As a guy with not lots of sexual experience I am getting paranoid – Does size really matter to women?
There are millions of men around the world that worry about their penis size.
The age old question is does size really matter? The answer – yes, to some people. No, to others. It is a completely personal opinion whether penis size matters. The same way there is no ‘right’ answer to ‘are big boobs better than small ones?’ It is a personal preference to each individual.
Does nationality play a part in a man’s manhood? Despite ‘penis size charts’ stating who (ethnically) is bigger/smaller down below, these should not be taken seriously at all. There is no scientific research that proves a specific race has a certain size of penis. It is just not possible to accurately acquire that kind of data.
The most important thing is that you like and love your penis. You have to live with it after all. It is a very sensitive sexual and reproductive organ that no matter what the size is an extraordinary body part and should be cherished and appreciated.
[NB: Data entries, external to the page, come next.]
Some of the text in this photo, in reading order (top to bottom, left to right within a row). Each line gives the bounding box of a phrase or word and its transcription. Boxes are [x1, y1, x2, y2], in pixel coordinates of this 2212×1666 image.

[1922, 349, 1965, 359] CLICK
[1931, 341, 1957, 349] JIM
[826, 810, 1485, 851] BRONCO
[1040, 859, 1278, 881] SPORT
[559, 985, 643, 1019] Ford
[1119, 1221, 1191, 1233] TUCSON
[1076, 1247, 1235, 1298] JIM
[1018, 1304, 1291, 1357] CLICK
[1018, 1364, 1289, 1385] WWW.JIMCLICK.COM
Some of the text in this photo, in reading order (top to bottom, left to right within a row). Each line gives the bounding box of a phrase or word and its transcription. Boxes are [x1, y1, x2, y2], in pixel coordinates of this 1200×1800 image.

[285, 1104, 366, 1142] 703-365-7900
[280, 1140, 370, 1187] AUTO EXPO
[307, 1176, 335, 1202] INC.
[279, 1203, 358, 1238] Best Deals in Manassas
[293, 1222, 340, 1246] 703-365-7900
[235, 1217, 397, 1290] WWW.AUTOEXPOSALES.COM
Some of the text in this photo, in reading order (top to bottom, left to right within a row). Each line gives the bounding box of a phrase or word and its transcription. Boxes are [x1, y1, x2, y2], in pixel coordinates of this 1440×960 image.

When speaking many women about their sexual relationships and penis size, they said that they do not want their partner to be too big. Because it can make sex painful and uncomfortable.
Speaking to men with an above average penis size revealed that sex isn’t as enjoyable for them because most women’s vaginal canals aren’t deep enough for full penetration, so they worry that they are hurting their partner.
*For those wondering about size, according to a 2015 study of more than 15,000 men, the average dimensions for an adult penis are:
- length: 13.12cm (5.16 inches) when erect
- circumference: 11.66cm (4.59 inches) when erect
However, there are other things to consider. So if you find yourself under that length or girth average, fear not. Shape plays a big part to the sexual enjoyment a partner will feel. Some men feel conscious of a bend in the shape when actually this can create a very satisfying feeling during sex.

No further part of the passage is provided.